The festive season is recognised as a time of immense joy but it is also one of the most stressful times of the year. For some it can be a time of celebration spending time with family and friends, eating and drinking (sometimes to excess). For others it is a time of sadness, feeling alone and a time to remember people who are no longer with us, a time of transition from one year to the next.

In 2018 I experienced professional disappointments and a very sad personal loss but alongside these, I also experienced some professional achievements and the arrival of a new member to my ever-growing extended family. I celebrated the arrival of the New Year but despite wanting to be optimistic, I woke on New Year’s Day feeling very down, so I took some time for myself to reflect and think about what I wanted to do in 2019, to set myself some realistic achievable goals.

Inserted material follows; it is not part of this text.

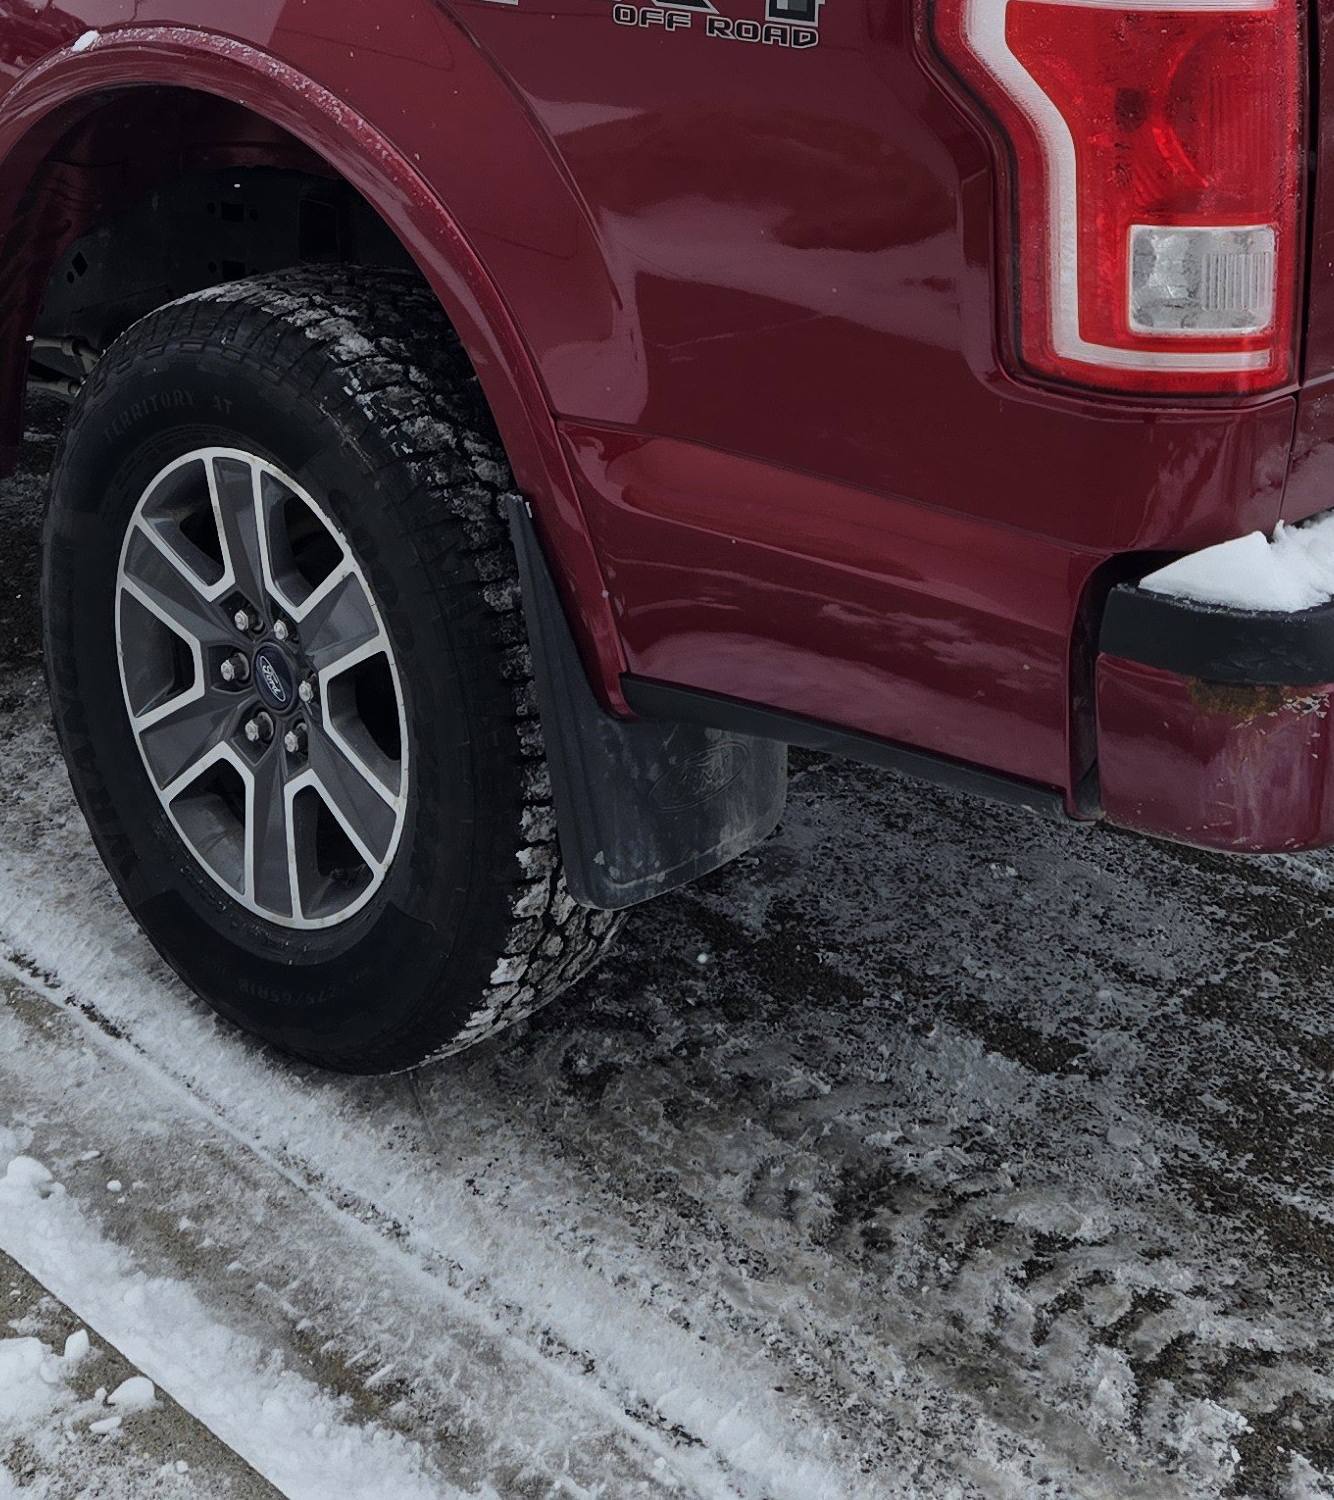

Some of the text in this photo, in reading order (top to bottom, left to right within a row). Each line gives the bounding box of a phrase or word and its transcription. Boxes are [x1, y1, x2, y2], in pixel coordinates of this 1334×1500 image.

[612, 4, 820, 49] OFF ROAD
[101, 388, 234, 443] TERRITORY AT

The end of January 2019 seems like a logical time for a reminder of what might be useful to look after ourselves and try to counteract those Blue Monday feelings. Wellbeing is currently very visible in the media; celebrity and professional advice are easily accessible in different forms. Professor Paul Dolan’s latest book Happy Ever After: Escaping the Myth of the Perfect Life explores what makes people happy and emphasises that in order to be happy, it is important to pay attention to what makes you feel good. Ruby Wax shares her struggles and her journey of self-understanding of the value of Mindfulness for her.

A new year can bring opportunities and possibilities but starting the year with a positive attitude can be a struggle, and trying to develop a new habit can be hard. It can be useful to look at when we have been successful in forming a habit or changing a behaviour previously and look at what was different. For some people it will be, ‘I will start from Monday’ or for others ‘there is no time like the present’ and they begin straight away, lining a new habit to an existing routine can work for some. I am no exception to the rule as procrastination sometimes takes hold, but on Monday the 15th of January, I got out of my own way and made it to the gym for the first time in 4 months. And it felt good.

So, what things should we think about when looking to beat Blue Monday?

What we eat and drink

Sleep

Mindfulness

Motivation 

In addition, here are some suggestions for 2019:

  • Try to declutter your mind
  • Do not make your targets too difficult
  • Think about your digestion
  • Look at the Eat Well guide
  • Look at your own sleep patterns, when and how you sleep, think about your sleep environment. In 2019 remember to be kind to yourself as focussing on kindness, to ourselves and to other people stimulates areas of the brain and body that are conducive to your health and wellbeing.